Monthly Archives: February 2013

Going with your gut

Going with your first instinct is fine as long as it really is yours.

Awhile ago I went with some friends to Canada’s Wonderland. It was the first time I’d been back in years and while I can’t go on rides that go around in circles, I love rollercoasters. Wonderland has LOTS of rollercoasters and I’m pretty sure we hit all of them.

One in particular was pretty scary as there was no floor. You got into your seat, the safety bar came down and as you rolled out, the ground dropped away below you and you realized that you felt kind of naked. I was sitting next to my friend Ken and as we pulled to a stop at the end of the ride, my two friends in the row behind us said, “Let’s go again – we can just stay on!”

Ken said, “Yeah – ok! I’m going again!” but I was done. It was a good ride but once was enough for me. I waited for them at the exit and on their return Ken looked a little shaken up.

I asked him what was up and it turns out that after I got off the ride there was a short wait, then the safety bar came down, and then he realized that he didn’t want to go again.
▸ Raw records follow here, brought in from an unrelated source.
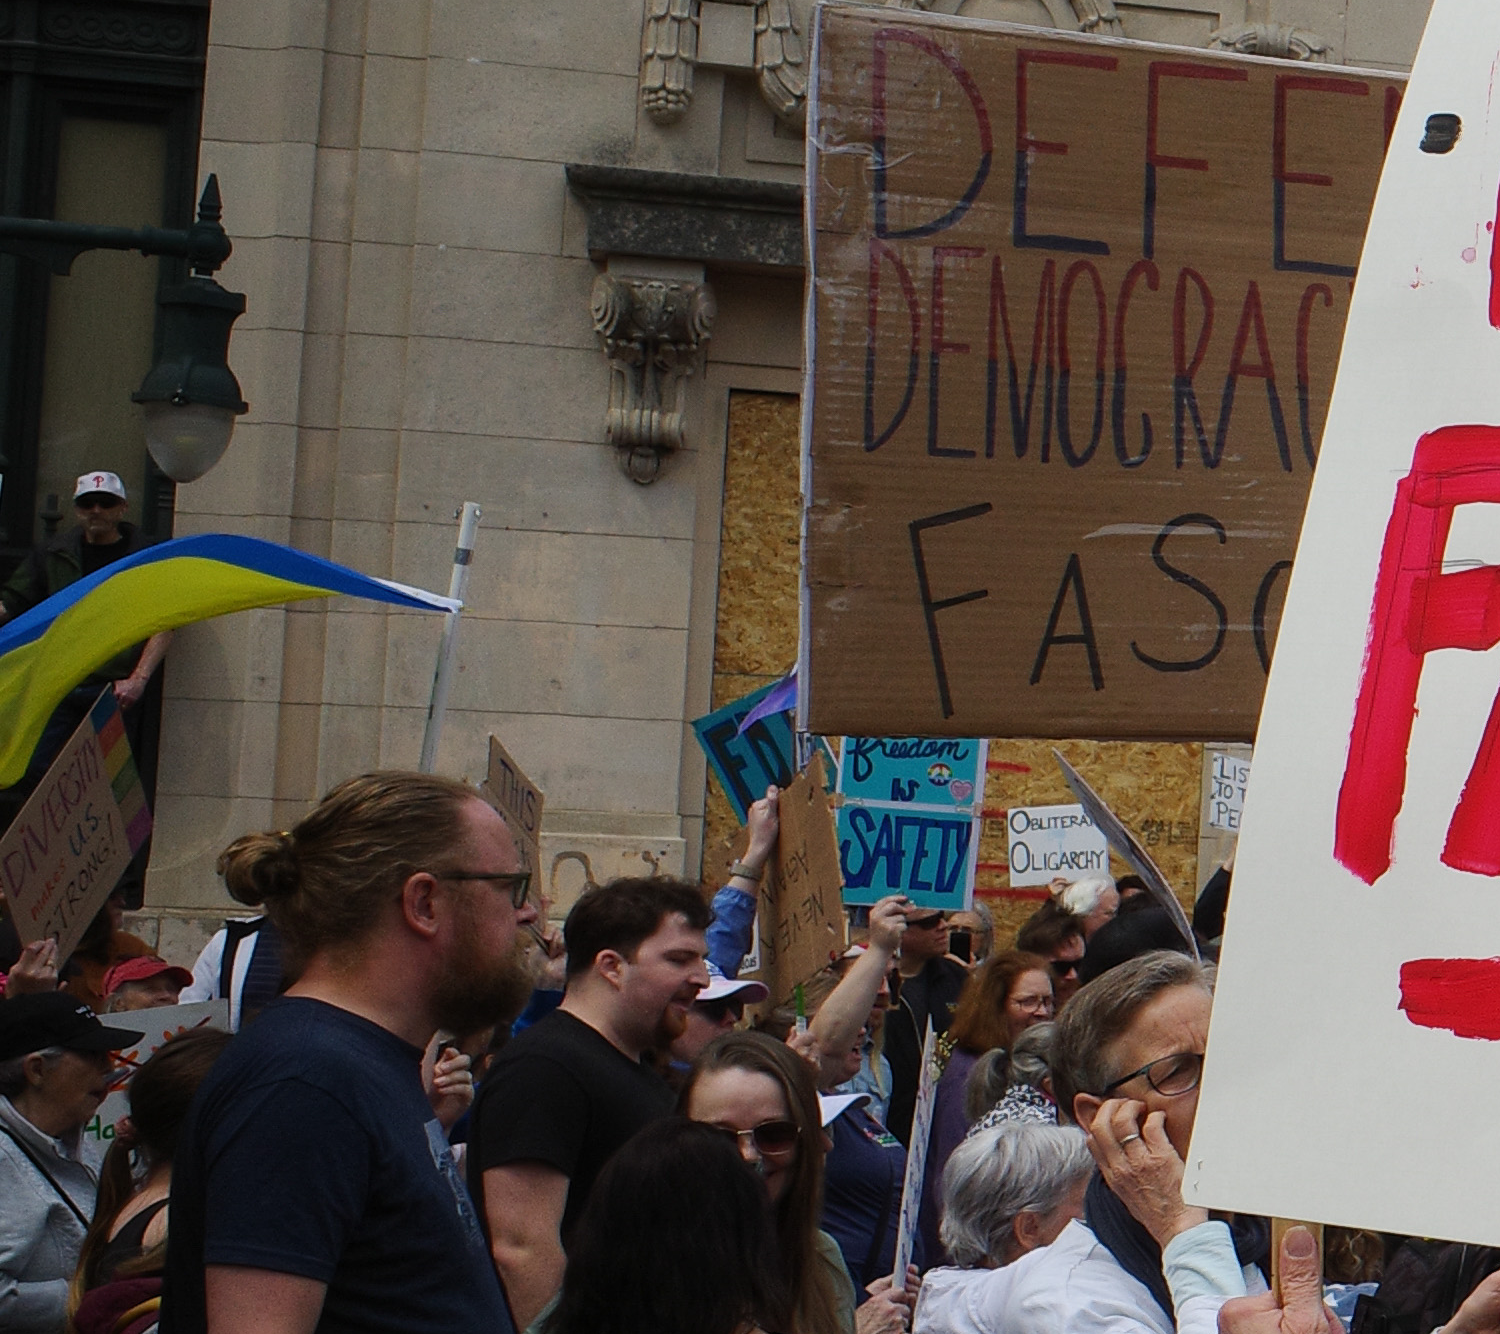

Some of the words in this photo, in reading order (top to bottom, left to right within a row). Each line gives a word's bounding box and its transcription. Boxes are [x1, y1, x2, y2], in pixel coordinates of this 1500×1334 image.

[872, 27, 1404, 278] DEFE
[863, 237, 1357, 473] DEMOCRAC
[500, 758, 536, 833] THIS
[1009, 809, 1093, 835] OBLITERA
[840, 807, 974, 894] SAFETY
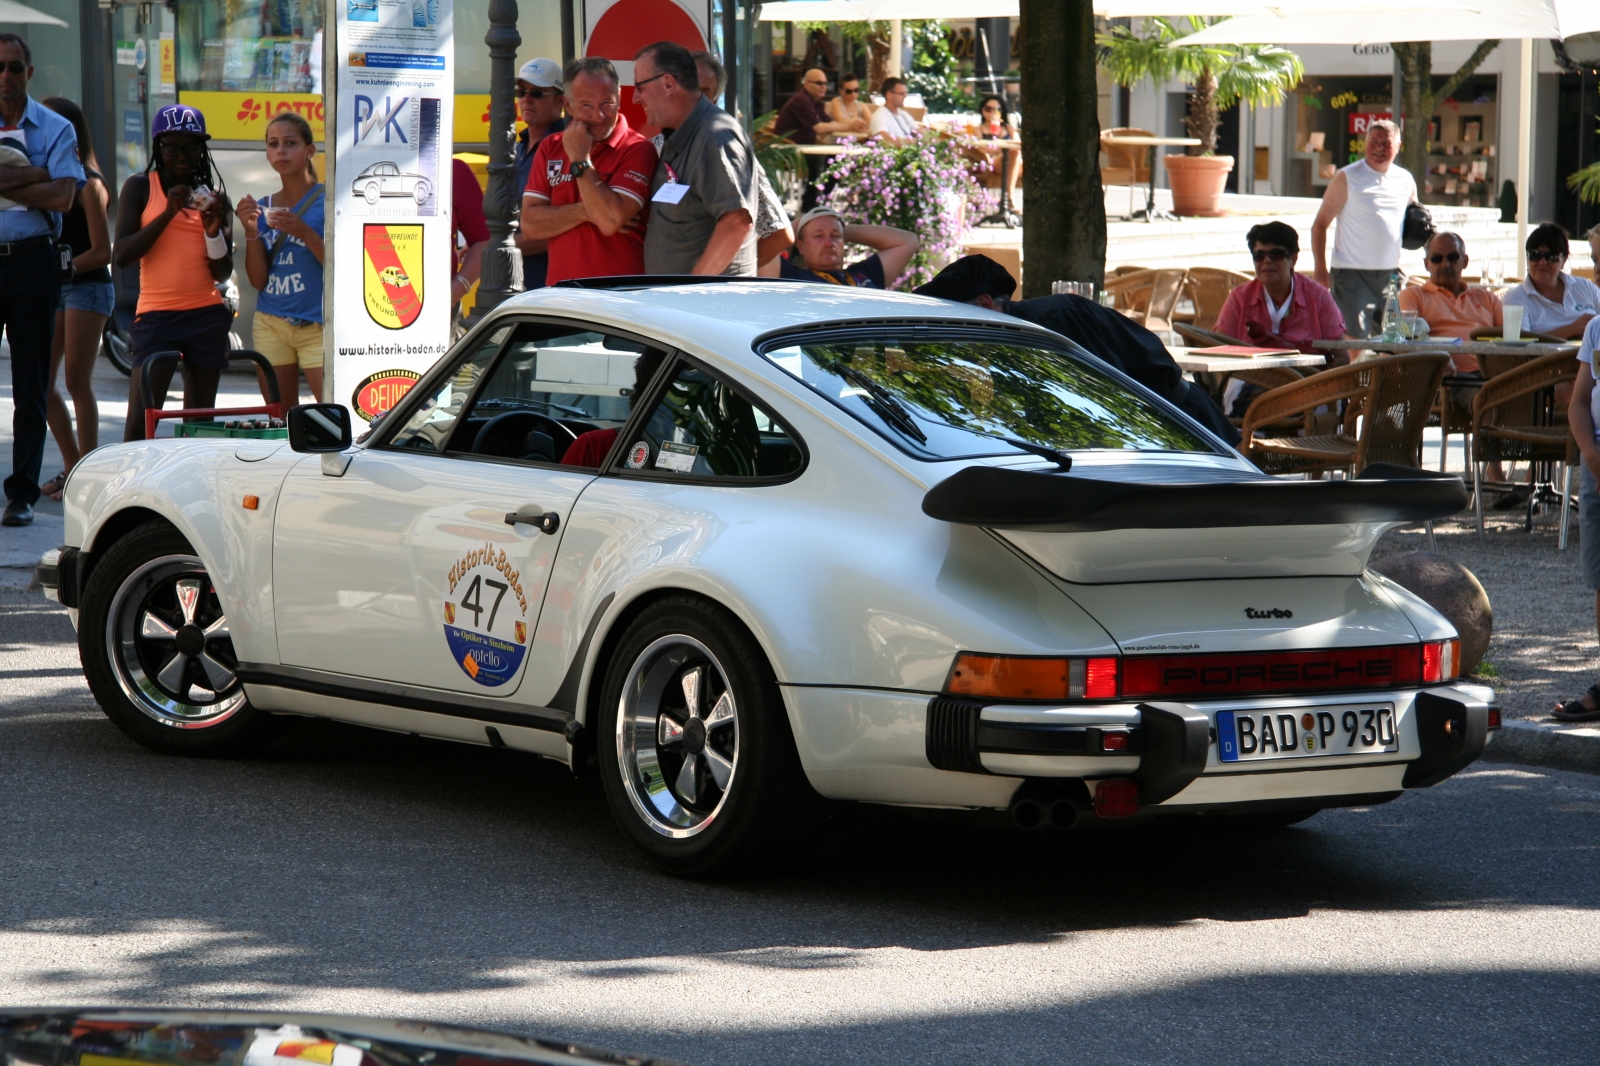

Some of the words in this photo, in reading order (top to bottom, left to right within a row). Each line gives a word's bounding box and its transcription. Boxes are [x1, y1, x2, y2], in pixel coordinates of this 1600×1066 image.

[1330, 90, 1358, 110] 60%
[163, 107, 202, 132] LA
[410, 97, 420, 151] WORKSHOP
[278, 251, 293, 265] LA
[339, 343, 446, 356] www.historik-baden.de
[461, 574, 508, 632] 47
[1245, 607, 1293, 619] turbo
[461, 630, 482, 643] Optiker
[488, 638, 515, 653] Sinzheim
[1163, 658, 1393, 687] PORSCHE
[1225, 741, 1232, 753] D
[1237, 714, 1299, 755] BAD
[1317, 711, 1336, 749] P
[1342, 708, 1395, 748] 930
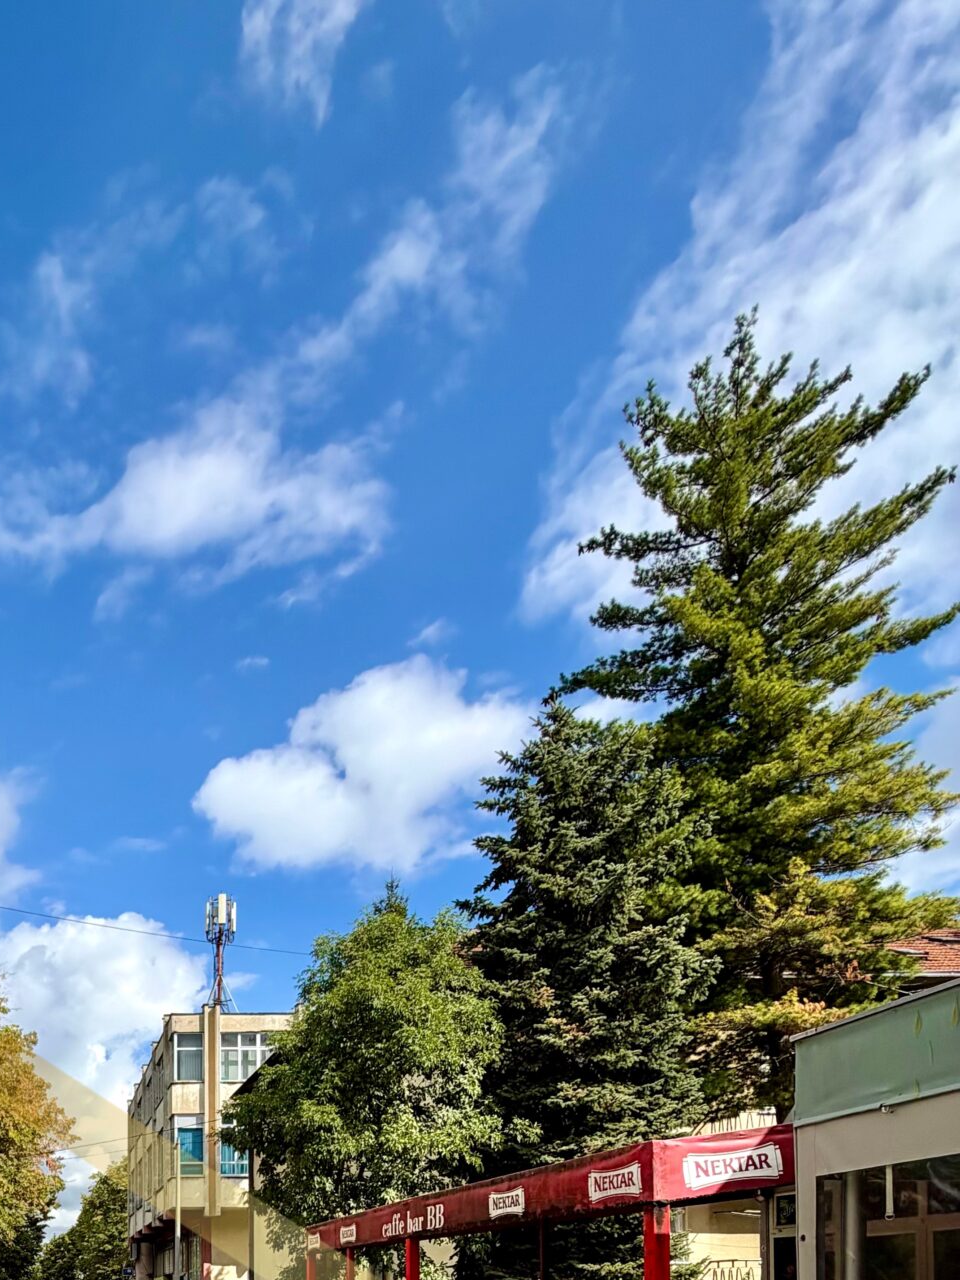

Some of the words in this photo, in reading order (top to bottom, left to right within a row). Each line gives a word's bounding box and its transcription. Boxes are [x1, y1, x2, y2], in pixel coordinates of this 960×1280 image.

The attendant came by to perform the final check and Ken, slightly panicked, said, “I don’t want to go.” The attendant looked deep into his eyes and said, “It’s too late,” and the coaster pulled out again.

Ken admitted, “I got carried away by their enthusiasm – I didn’t really know what I was doing.”

“I feel kind of sick now.”

We laughed a lot but it made me think.

Going with your gut can be perfectly legitimate. Just make sure it’s your gut you’re going with, not somebody else’s.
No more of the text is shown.